4
votes

I have following problem e.g: Given a bucket with symbols
1 1 2 3 3 4
And book of recipes to create pairs e.g:
12 13 24
Select from bucket optimal pairing, leaving as little as possible symbols in the bucket. So using the examplary values above the optimal pairing would be:
13 13 24 Which would use all the symbols given.
Naive picking from the bucket could result in something like:
12 13 Leaving the 3 and 4 unmatched. 3 and 4 cannot be matched because the book does not contain a recipe for that particular connection

Notes:
Real problem consits on average of: 500 elements in bucket in about 30 kind of symbols.

We've tried to implement the solution using the bruteforce algorithm, however I am afraid that even our grandchildren will not live long enough to see the result :).

There is no limit to the size of recipe book, it could even have every possible in the bucket. Pair made of the same element twice is not allowed.

The answer is not required to empty the bucket completely. Its just about getting the most pairs out of the bucket. Its okay to leave some in the bucket. It would be best to look for the optimal solution, however close approximation is also good enough.

I will appreciate an answer that proposes/gives hint to an algorithm to solve the problem.

Examples:
Bucket:
1 1 2 2 2 2 3 3 3 4 5 6 7 8 8
Recipe book:
12 34 15 68
Optimal result (one of possible):
{1 2} {1 2} {3 4} {6 8}
Leftover:
2 2 3 3 5 7 8

2
In the 12 13 example, what is wrong with pairing 34 ?Tim Biegeleisen
I've updated the answer. 34 connection is not available in the recipe book. And we can only connect according to pre-given recipe list.Aleksander Fular
I believe you can go quite far using linear algebra techniques, but I'm not fully versed with the details. You should start by "thinking about the issue" in terms of "how many of each pairings should I use for each symbol?". So, in the example above, the 1 symbol can be expressed as x+y=2 where 2 is the count of 1 symbols, and x & y are the number of 12 & 13 respectively. Next you'll have x+z=1, y=2, z=1 and you could obviously solve x=0 from that to get your required result. Linear algebra will come in when no solution exists and you need an approximation.Amit
@Amit I am having troubles understanding your explanation. Could you please post an examplary solution to my 2nd example in the question?Aleksander Fular
In terms of expressing your 2nd example as a set of equations, let's denote a: 12, b: 34, c: 15, d: 68, and the equations are: a+c=2 a=4 b=3 b=1 c=1 d=1 (nothing)=1 d=2. Now, obviously there's no solution to this set of equations so you need an approximation, but you can see how your answer fits as well as 1 of each pair (a=b=c=d=1).Amit

2 Answers

4
votes

This problem is essentially the maximum matching problem with the small twist that you're allowed to have duplicate objects. Here's one way to solve this problem assuming you have a solver for maximum matching:

  1. Create a node for each number in the input list.

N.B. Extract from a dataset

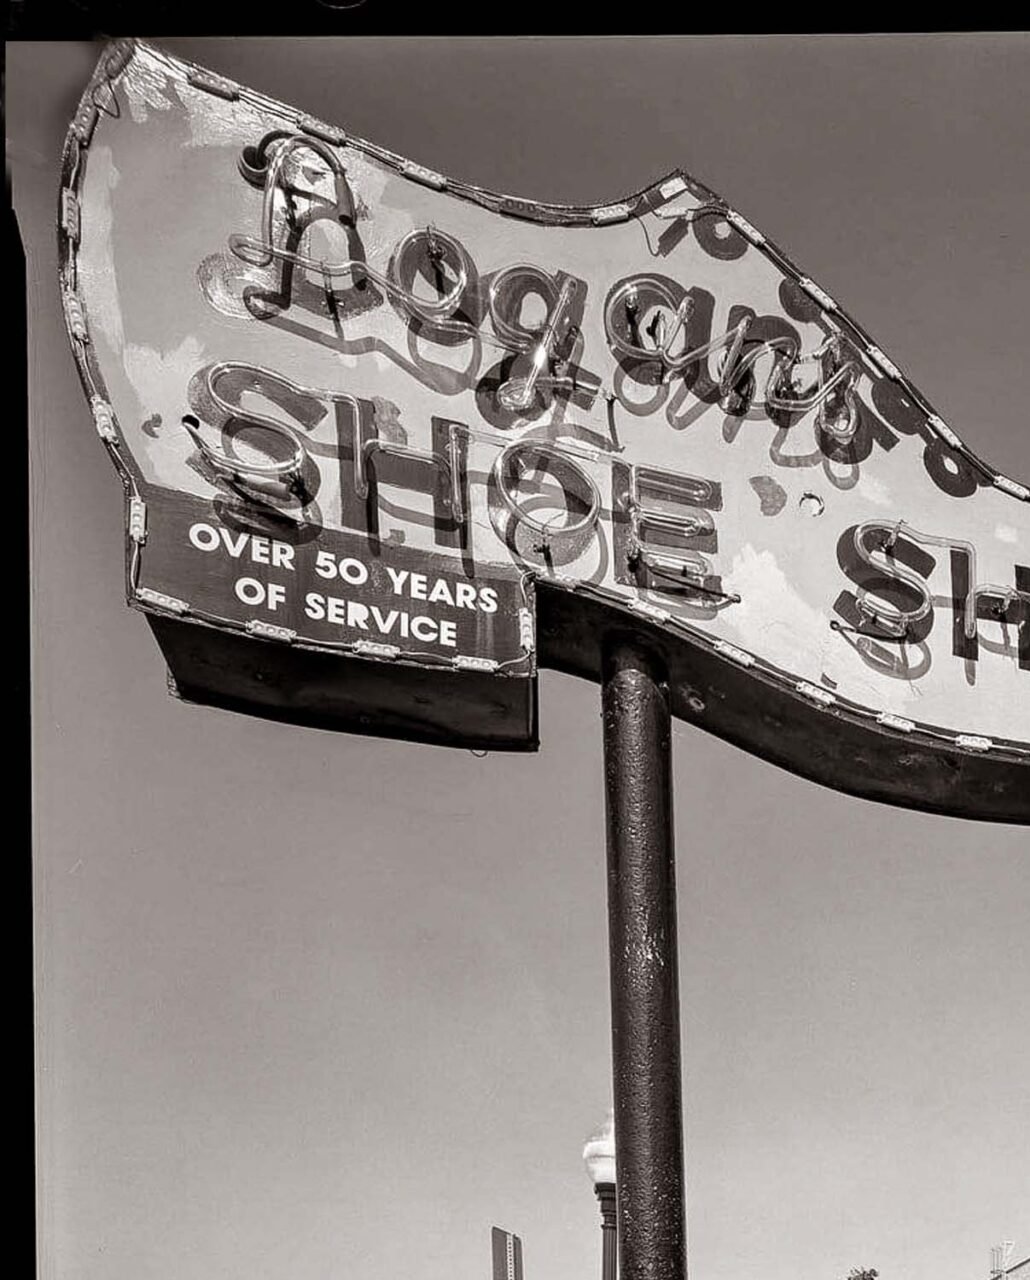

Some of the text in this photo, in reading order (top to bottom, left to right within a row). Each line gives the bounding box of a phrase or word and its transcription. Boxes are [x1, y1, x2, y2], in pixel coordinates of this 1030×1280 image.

  2. For each recipe, for each pair of numbers matching that recipe, add an edge between the nodes for those numbers.

  3. Run a maximum matching algorithm and return the pairs reported that way.

There are a good number of off-the-shelf maximum matching algorithms you can use, and if you need to code one up yourself, consider Edmonds' Blossom Algorithm, which is reasonably efficient and less tricky to code up than other approaches.

1
votes

First generate all possibles pairs of symbols and store them with the indices of each symbol , so if you have n symbols , then n*(n+1)/2 pairs are going to be generated (max case n=500 then 125250 pairs are going to be generated ).

Ex : bucket with symbols 1 1 3 Then pairs are going to be generated are (11,1,2)(13,1,3)(13,2,3). General format ( a[i]a[j], i, j ).

Now lets loop over generated pairs and delete pairs that doesn't exist in the book of recipes, so now we have at most 30 pairs .

Next lets build a graph such that the nodes are our generated pairs, and each 2 nodes are connected if the indices of the 2 pairs are different (using 2 nested loops over our pairs ) .

Finally we can perform BFS or DFS and find the longest graph between all generated graphs , which has the answer to our problem.

If you want c++/Java implementation ,please don't hesitate to ask.